* [Aim of the task]
Your output should reproduce each entry exactly, with none of its pictures.

* [Input data]
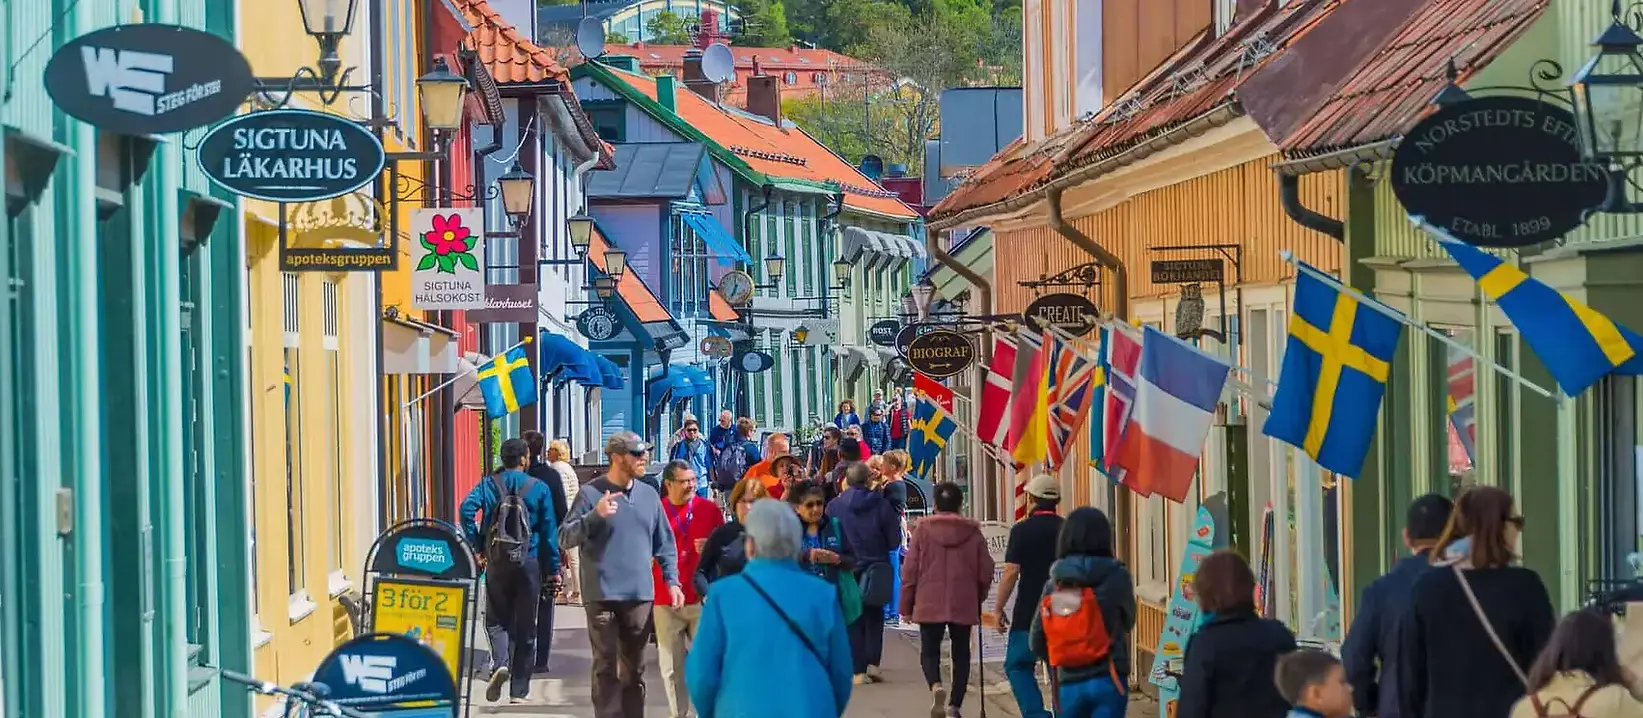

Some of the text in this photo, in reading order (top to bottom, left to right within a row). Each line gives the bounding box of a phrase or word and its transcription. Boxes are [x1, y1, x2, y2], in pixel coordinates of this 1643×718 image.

[81, 45, 173, 116] WE
[156, 90, 186, 114] STEG
[186, 83, 205, 105] FÖR
[234, 128, 347, 150] SIGTUNA
[1415, 109, 1535, 153] NORSTEDTS
[224, 153, 357, 179] LÄKARHUS
[1405, 160, 1602, 185] KÖPMANGÅRDEN
[1512, 215, 1551, 236] 1899
[286, 253, 391, 267] apoteksgruppen
[424, 281, 472, 291] SIGTUNA
[1039, 305, 1085, 322] CREATE
[912, 346, 968, 359] BIOGRAF
[403, 543, 443, 554] apoteks
[987, 535, 1008, 551] ATE
[402, 552, 445, 563] gruppen
[382, 588, 448, 612] 3 för 2
[338, 654, 397, 693] WE
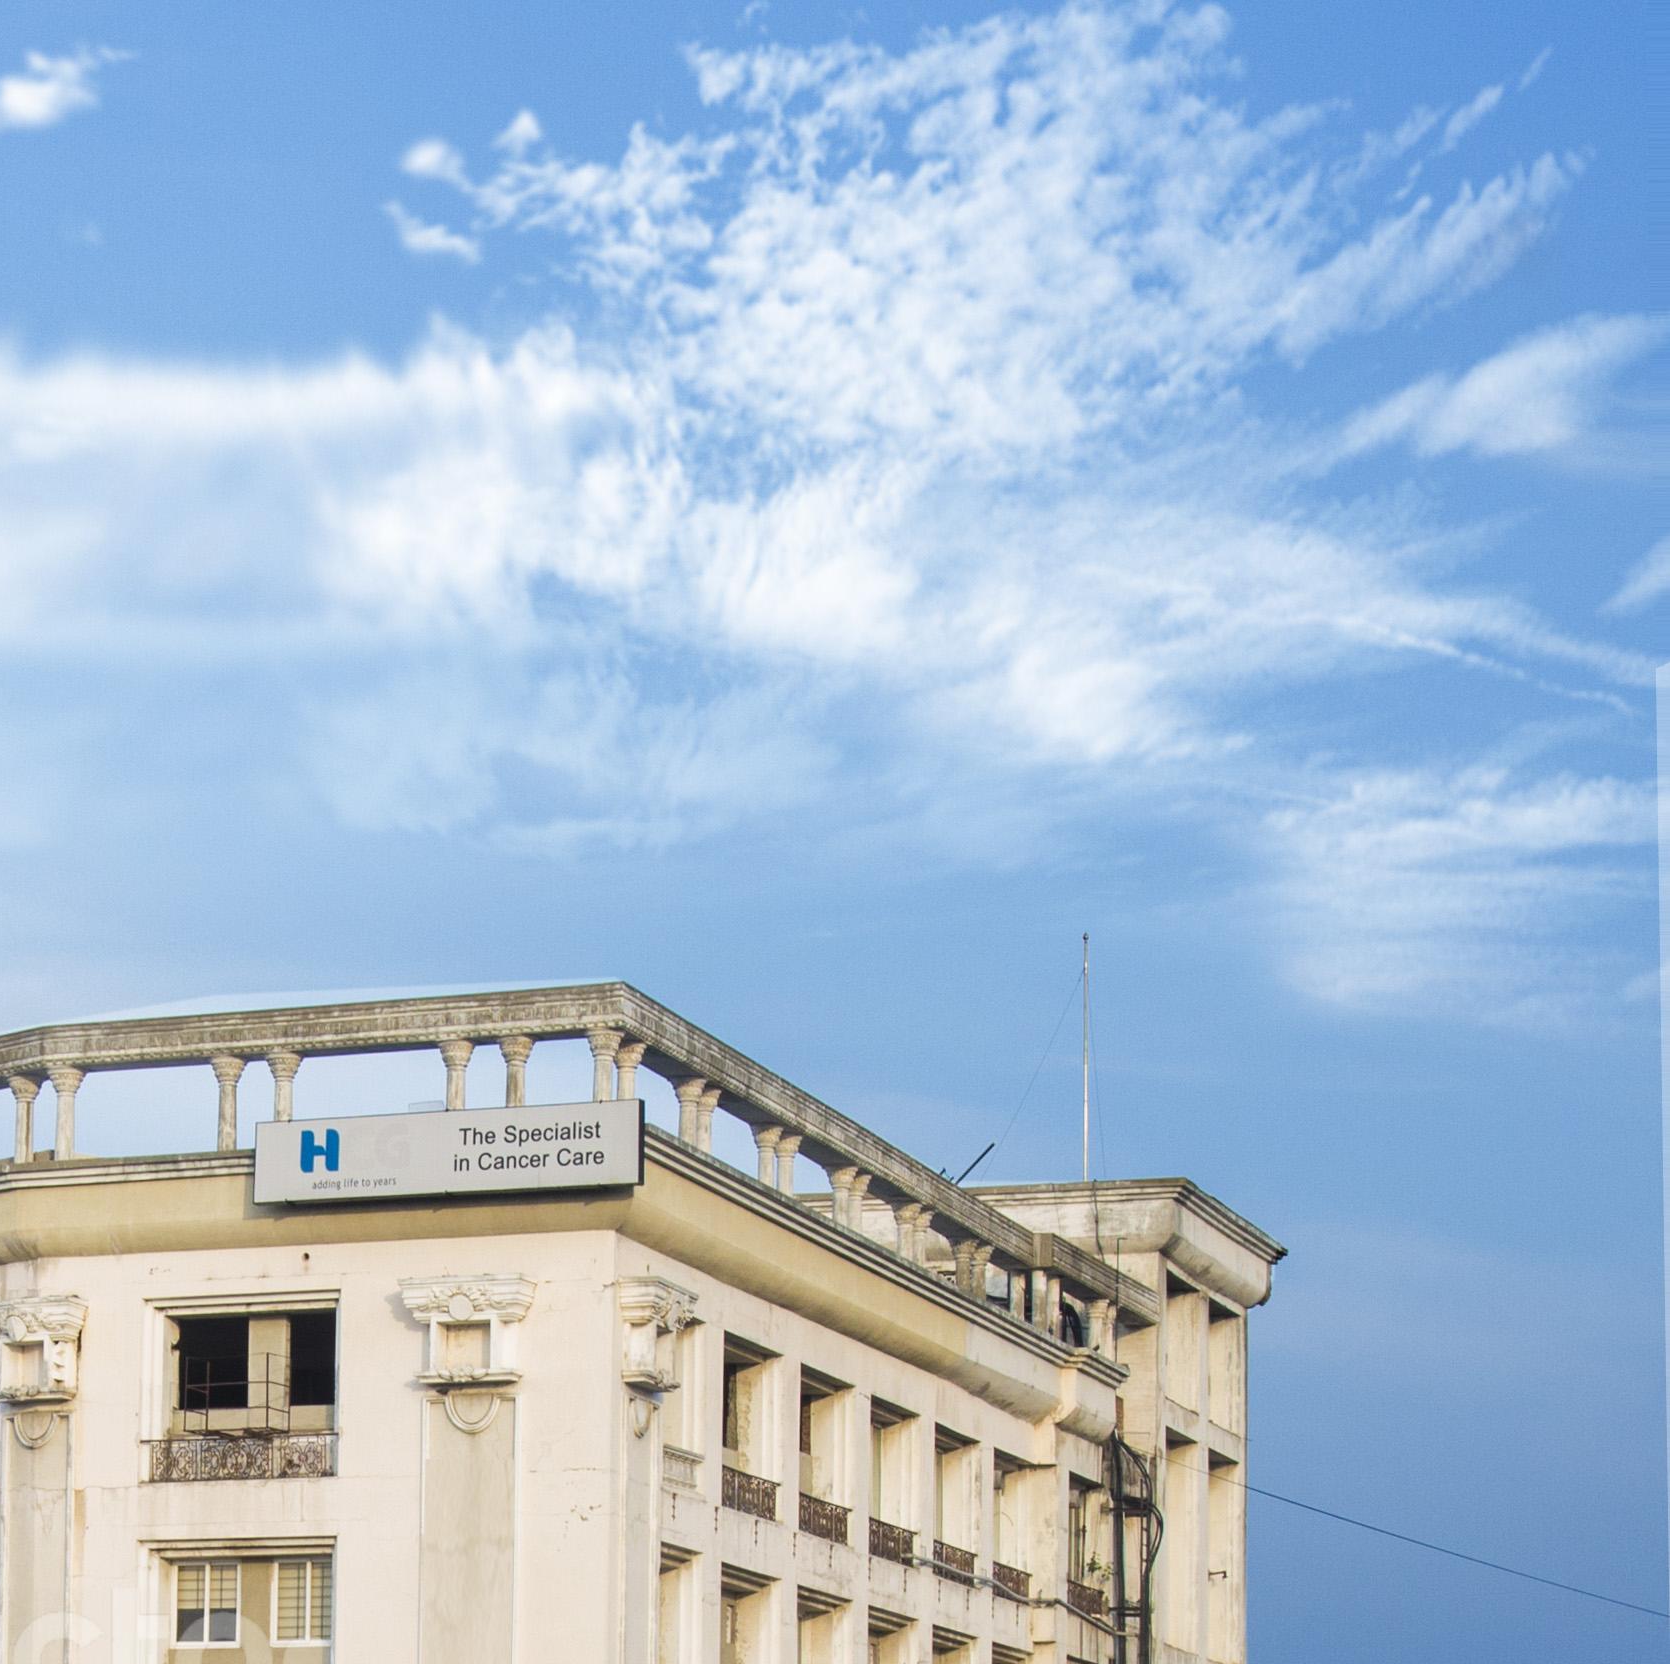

* [Written reply]
Some of the text in this photo, in reading order (top to bottom, left to right within a row). Each line gives the bounding box of a phrase or word and its transcription. Boxes are [x1, y1, x2, y2], in pixel coordinates of this 1643×718 image.

[81, 45, 173, 116] WE
[156, 90, 186, 114] STEG
[186, 83, 205, 105] FÖR
[234, 128, 347, 150] SIGTUNA
[1415, 109, 1535, 153] NORSTEDTS
[224, 153, 357, 179] LÄKARHUS
[1405, 160, 1602, 185] KÖPMANGÅRDEN
[1512, 215, 1551, 236] 1899
[286, 253, 391, 267] apoteksgruppen
[424, 281, 472, 291] SIGTUNA
[1039, 305, 1085, 322] CREATE
[912, 346, 968, 359] BIOGRAF
[403, 543, 443, 554] apoteks
[987, 535, 1008, 551] ATE
[402, 552, 445, 563] gruppen
[382, 588, 448, 612] 3 för 2
[338, 654, 397, 693] WE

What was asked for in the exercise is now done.